Step 5. Finally, $P(x)=\pm x+b,Q(x)=\pm x+d$ where $b,d\in \mathbb{Z}$ are to be found. We have to consider two cases: - $P(x)=x+b$ and $Q(x)=x+d$ with $b,d\in \mathbb{Z}$. In this case, by induction, we can show that $$x_{2n}=2016+n(b+d)\text{ and }{x}_{2n+1}=2016+b+n(b+d)\forall n\ge 0.$$ So, a necessity condition for the requirement to be satisfied is $b+d\ne 0$. Under this condition, the requirement says that for each $m\in \mathbb{N}$ one of the linear congruences $$(b+d)x\equiv -2016(\mathrm{mod}m),(b+d)x\equiv -(2016+b)(\mathrm{mod}m)$$ has (infinitely many) solutions $x=n$ in ${\mathbb{N}}_0$. Equivalently, $\gcd (b+d,m)\mid 2016$ or $\gcd (b+d,m)\mid (2016+b)$ for each $m\in \mathbb{N}$. It suffices to consider $m=|b+d|$ and obtain the condition: $$(b+d)\mid 2016\text{ or }(b+d)\mid (2016+b),\text{ where }b+d\ne 0$$ - $P(x)=-x+b$ and $Q(x)=-x+d$ with $b,d\in \mathbb{Z}$. In almost the same manner, we see that the requirement is satisfied if and only if $$(b-d)\mid 2016\text{ or }(b-d)\mid (-2016+b),\text{ where }b-d\ne 0.$$

Remark. We are going to give here another proof of the conclusions in Steps 2-3 (the proof of that in Step 1 and Steps 4-5 will be the same). We need the following lemma.
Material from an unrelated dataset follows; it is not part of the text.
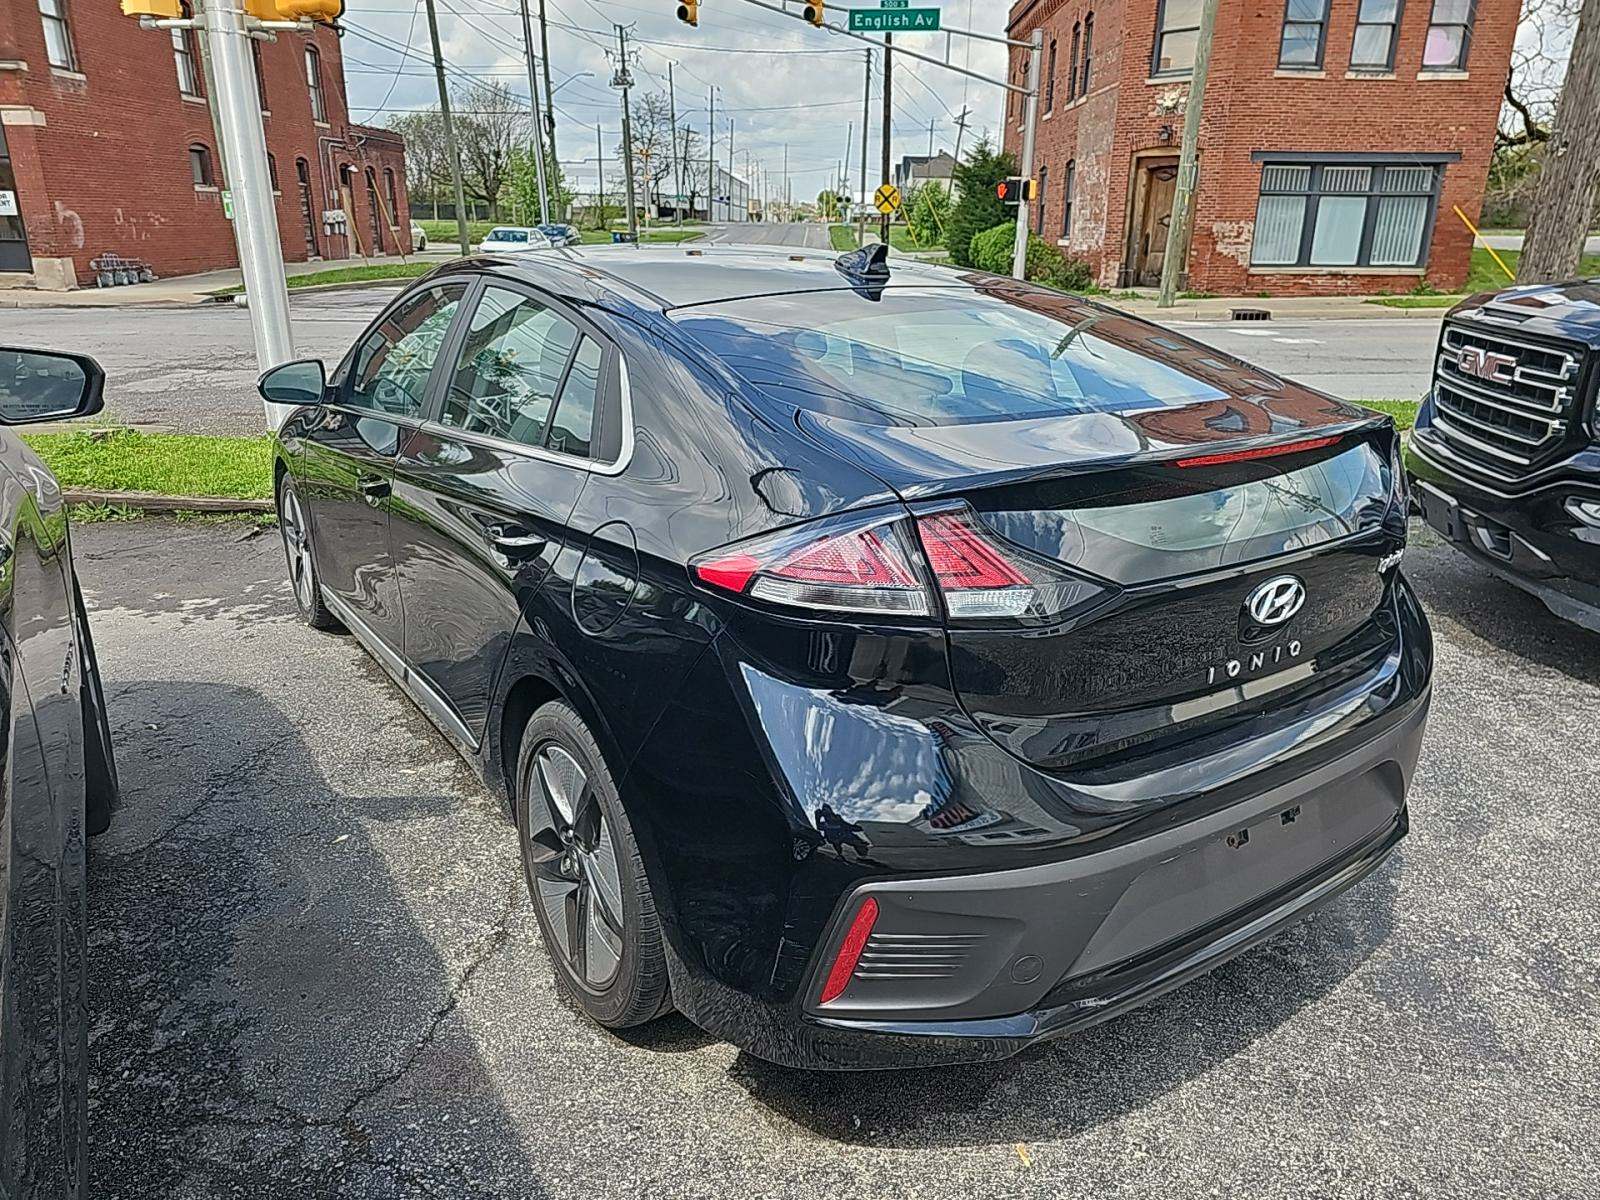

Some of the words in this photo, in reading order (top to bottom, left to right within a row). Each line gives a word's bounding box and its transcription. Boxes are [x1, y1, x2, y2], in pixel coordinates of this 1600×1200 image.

[854, 13, 909, 29] English
[914, 13, 934, 26] Av
[1458, 344, 1517, 387] GMC
[1207, 640, 1301, 685] IONIQ
Lemma. Let $a\in \mathbb{Z}$ and $T\in \mathbb{Z}[x]$ be given. A sequence ( $y_n$ ) is defined as $$y_0=a,y_{n+1}=T\left(y_n\right)\forall n\ge 0$$ Suppose that each positive integer $m$ is a divisor of some nonzero term of $\left(y_n\right)$. Then $\mathrm{deg}T=1$.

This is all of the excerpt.